The current appeal concerns only the contempt order, not the original 2021 antitrust trial in which Apple was found not to have violated antitrust law on the core claims brought by Epic.
Prior history
The Supreme Court declined to hear the initial Epic appeal in 2024. The new petition focuses on the narrower issue of whether the district court properly enforced and then sanctioned Apple for its compliance steps.

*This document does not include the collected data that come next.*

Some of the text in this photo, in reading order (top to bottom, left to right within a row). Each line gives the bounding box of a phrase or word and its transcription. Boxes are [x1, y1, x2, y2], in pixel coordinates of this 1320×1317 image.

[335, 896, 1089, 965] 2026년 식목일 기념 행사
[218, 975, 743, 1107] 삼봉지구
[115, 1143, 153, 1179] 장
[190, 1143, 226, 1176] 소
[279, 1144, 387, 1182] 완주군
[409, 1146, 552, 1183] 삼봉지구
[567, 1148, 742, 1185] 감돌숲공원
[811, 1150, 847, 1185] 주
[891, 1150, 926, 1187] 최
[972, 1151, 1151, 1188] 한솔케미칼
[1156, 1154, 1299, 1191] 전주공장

Epic Games has also responded to the Court’s decision, though the substance of that response has not been detailed in public statements released so far.
Why it matters
For developers and Apple alike, the outcome will determine how strictly the company must open its payment system on iOS and whether similar compliance disputes in other jurisdictions will face the same level of judicial scrutiny. A ruling that narrows the district court’s power could slow efforts to force changes in App Store economics; a ruling that upholds the contempt order would strengthen the hand of regulators and plaintiffs seeking structural remedies.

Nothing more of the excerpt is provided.